Paul Cartledge is Emeritus A. G. Leventis Professor of Greek Culture at the University of Cambridge and a Global Distinguished Professor at NYU. He was chief historical consultant for the BBC series The Greeks and the Channel 4 series The Spartans — and has been a guest on BBC’s In Our Time and many other programs. Professor Cartledge is also a holder of the Gold Cross of the Order of Honor of Ancient Greece and an Honorary Citizen of Sparta.
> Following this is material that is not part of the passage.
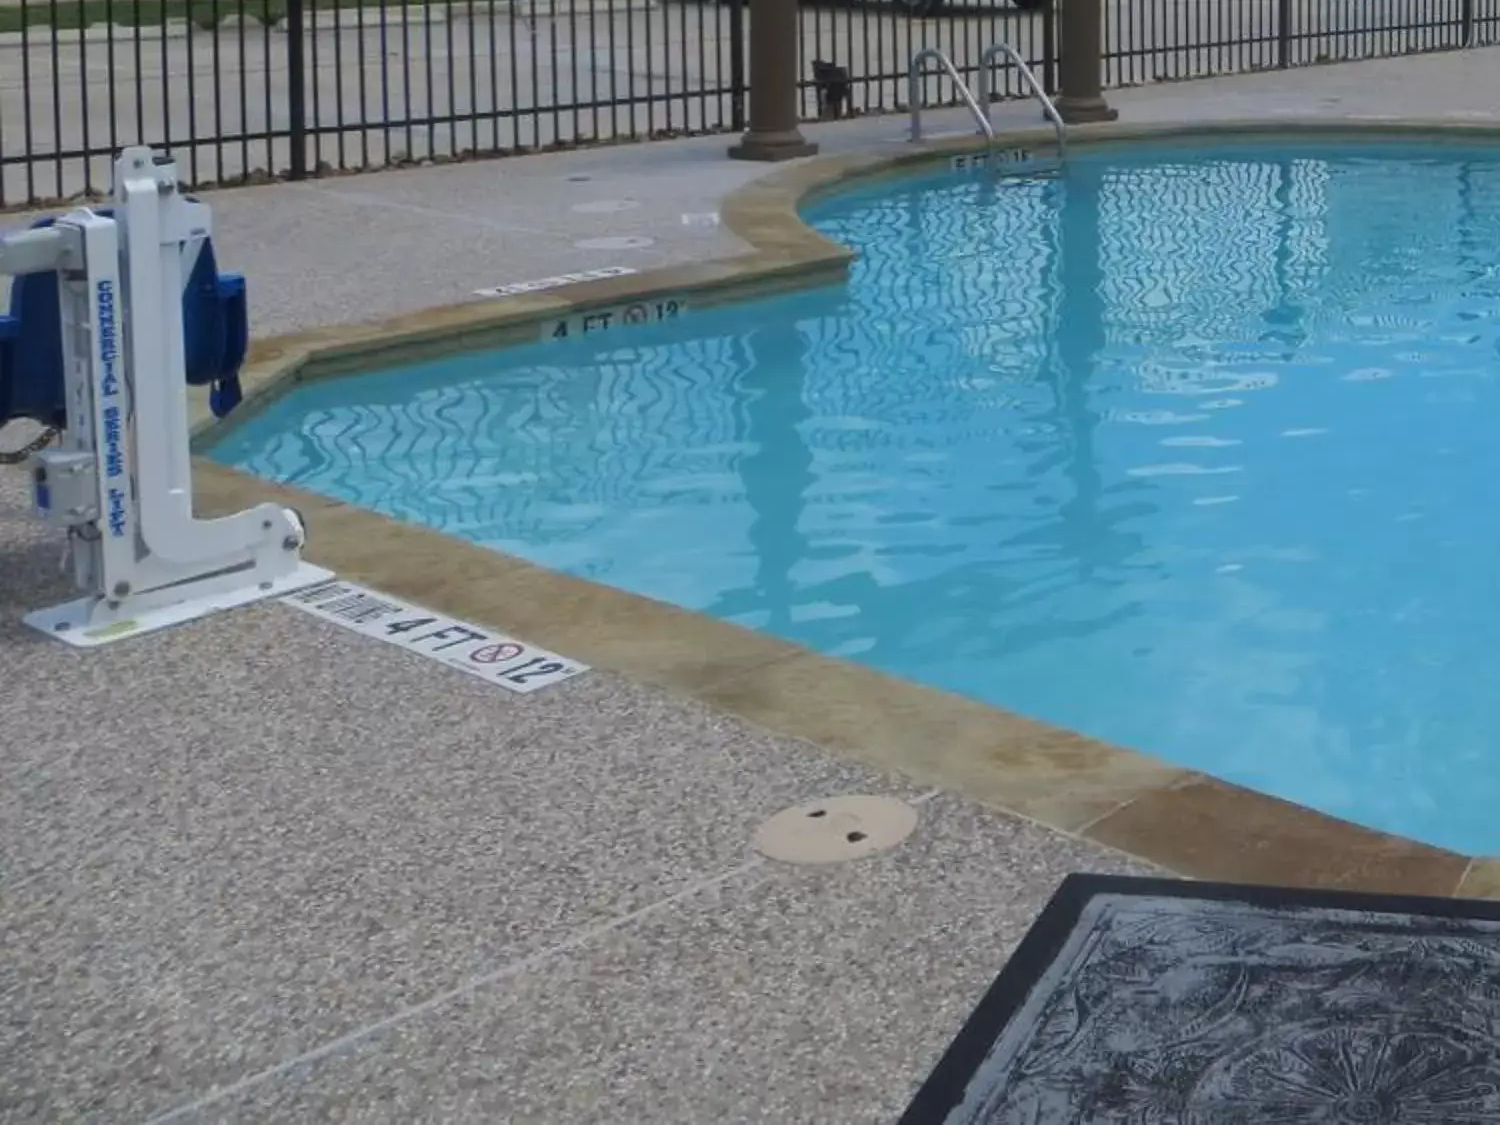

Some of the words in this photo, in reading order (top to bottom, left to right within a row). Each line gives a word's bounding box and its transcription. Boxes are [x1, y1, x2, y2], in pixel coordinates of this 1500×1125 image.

He has published major books on Ancient Greece, Sparta, Alexander the Great, Democracy, and more.

 

According to Prof. Cartledge, “Cleopatra was Egyptian only in a geographical or geopolitical sense….”

bust of cleopatra
Bust of Cleopatra, ca. 40-30 BC, via Altes Museum Berlin

 

Q: Greetings Professor Cartledge. It seems like a good time to discuss Queen Cleopatra. What can you tell us about her?

 

A: Hello there again! Who is she? That’s a question that must be expanded to embrace (at least) who and what she is. For such is the complexity of Cleopatra VII Philopator Thea  (born 69 BCE, reigned 51-30). Let’s take a look at each of these names in her title.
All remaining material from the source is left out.